ECONOMIC DATA / NEWS

The Fed slashed the Fed funds rate by .75%. They announced at 8:20 AM ET this morning that were making an emergency rate cut. It is the largest cut since 1984! And yet the futures markets are still indicating that traders want at least another .50% mark down at the Fed meeting next week. Most agree that the Fed is “behind the curve,” and Bernanke himself acknowledged last week that it takes at least 12 months for the effects of rate cuts to be felt. Traders are probably remembering those comments as well as noting that it shows a major lack of confidence by the Fed for the markets to correct themselves.

There is not much to talk about in this holiday-shortened week as far as economic data goes, but that doesn’t mean it is going to be a boring week. The stock market closed at a 9-month low on Friday. This morning the Dow has now hit a new one-year low, and the S&P 500 index is off to its worst start to the year on record. Heavy selling generally creates a snowball effect, which means that the downward momentum in the stock market may actually pick up speed. The housing slowdown is already the worst seen since the Great Depression, and now the stock market is taking on a similar tone. We already expected extreme volatility this week, but at this point it could almost be classified as scary volatility.

Foreign markets are being hurt even more than U.S. markets. Asian indexes fell anywhere from 5 to 12 percent last night. European indexes dropped 4 or 5 percent. A U.S. recession may very well lead to a global recession. Economic strength in other countries is primarily fueled by exports, much of which goes to the U.S.

And, if President Bush’s pleas were not enough to get OPEC to bring oil prices down, global economic weakness might do the trick.

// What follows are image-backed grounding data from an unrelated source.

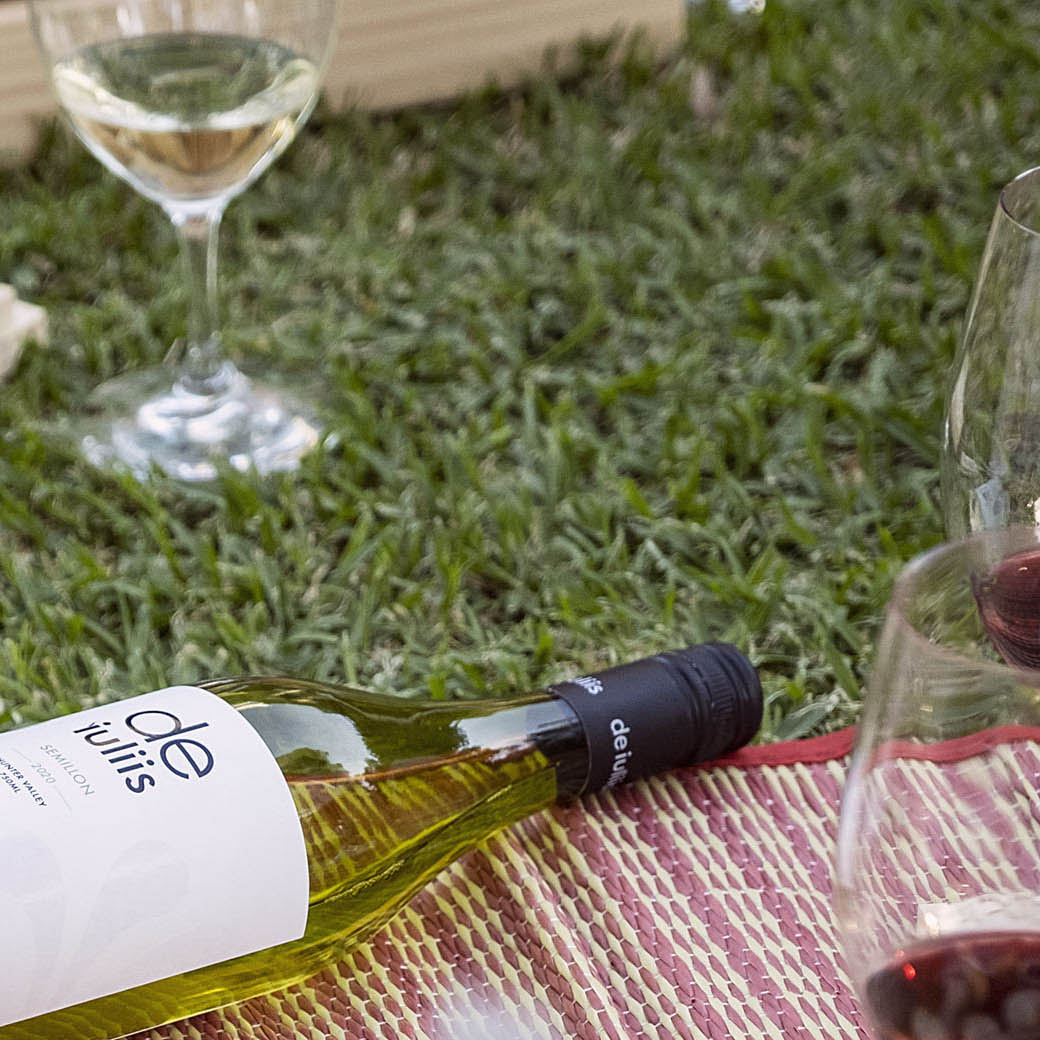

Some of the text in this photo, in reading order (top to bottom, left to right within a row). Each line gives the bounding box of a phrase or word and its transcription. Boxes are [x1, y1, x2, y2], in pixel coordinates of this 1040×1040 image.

[125, 710, 214, 779] de
[610, 718, 631, 751] de
[31, 762, 56, 784] 2020
[40, 744, 95, 796] SEMILLON
[73, 722, 155, 793] iuliis
[22, 780, 47, 806] VALLEY

Demand is undoubtedly going to slip, and OPEC may need to drop prices significantly if they want to maintain a steady flow of income. Don’t be surprised if oil prices dip back to $80 per barrel with haste.

TECHNICAL ANALYSIS

It’s somewhat ironic that mortgage-backed securities are going to benefit from a problem that started with mortgage defaults. We have switched to the FNMA 30-year 5.5% because mortgage rates have plunged. It is currently up 37bp at 101.75.

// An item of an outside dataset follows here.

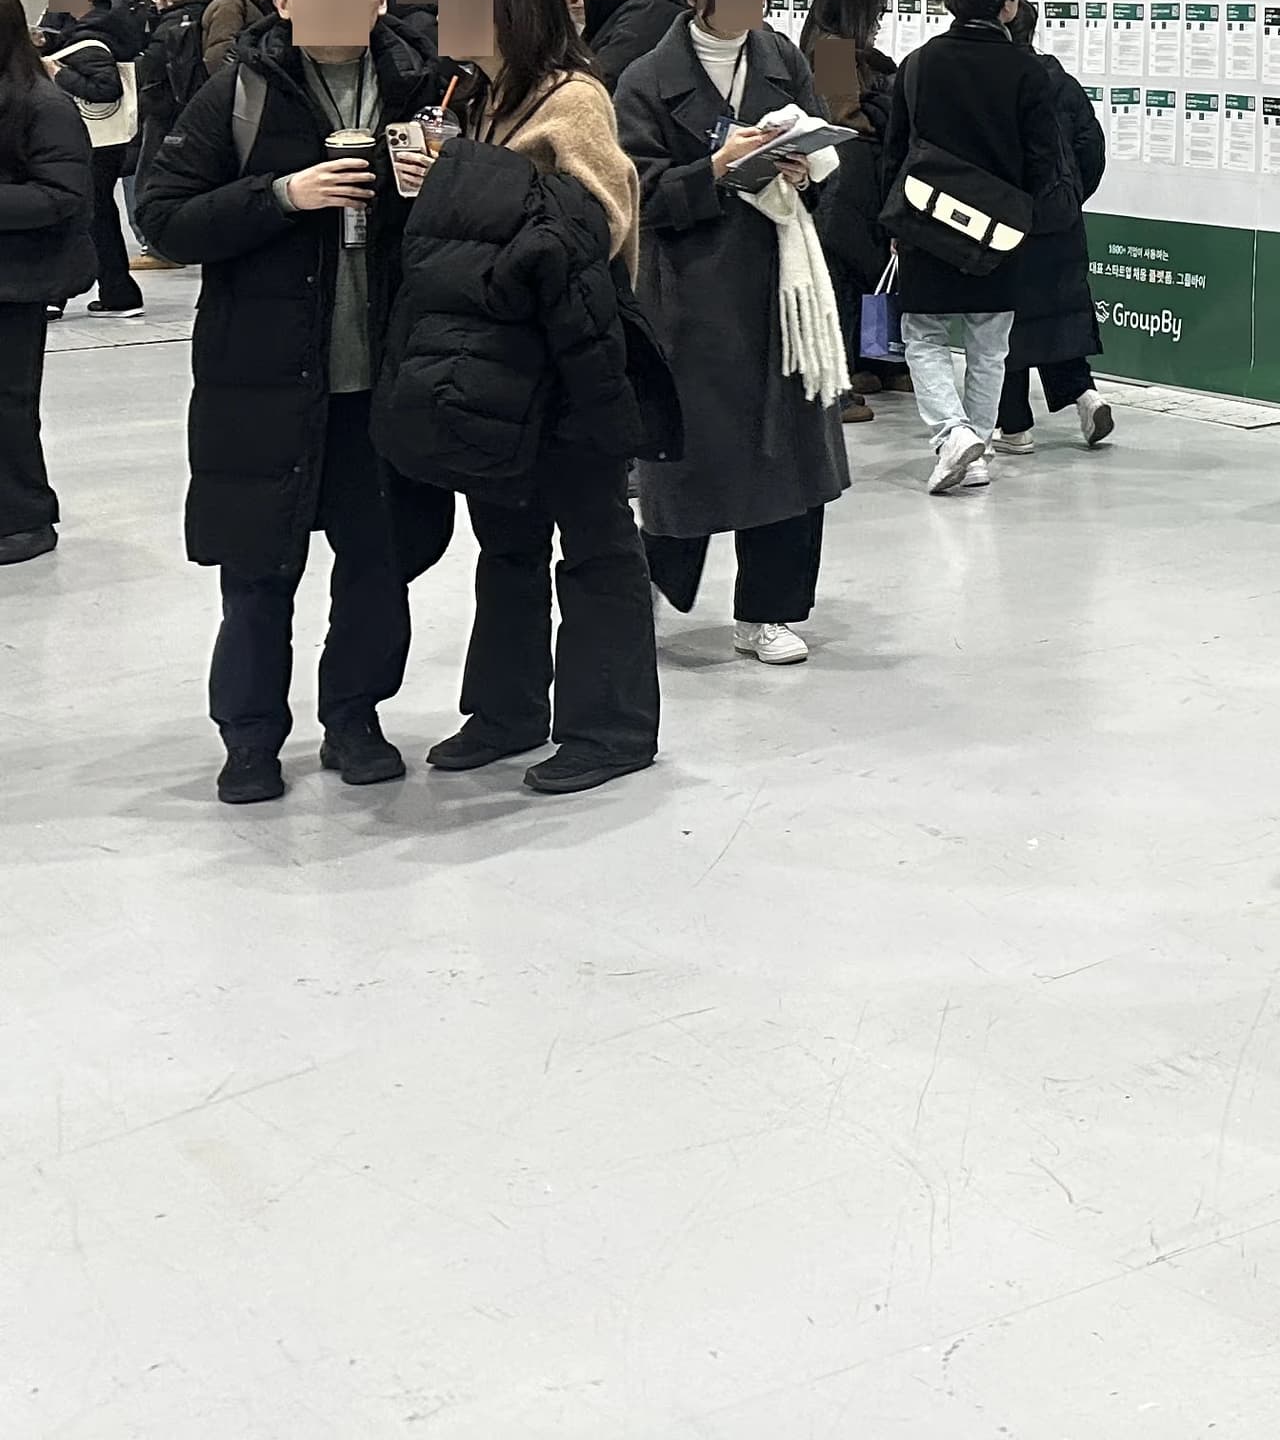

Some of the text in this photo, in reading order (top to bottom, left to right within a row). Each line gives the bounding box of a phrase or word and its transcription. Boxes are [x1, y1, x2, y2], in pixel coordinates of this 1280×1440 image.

[1089, 262, 1103, 274] 대표
[1105, 264, 1131, 279] 스타트업
[1176, 273, 1206, 288] 그룹바이
[1113, 303, 1181, 341] GroupBy

When the 10-year Treasury yield was up above 5.00% back in July, we predicted that it would fall to the mid to high 3.00% range. Now with the yield dipping to 3.52% this morning, we foresee 3.00% as a very real target. As long as stocks keep sinking, support levels and overbought conditions are irrelevant. Investors will need to stash their money somewhere safe where they can earn more than in a money market account.


Posted by Alan McNamee on January 22nd, 2008 12:51 PMPost a Comment (0)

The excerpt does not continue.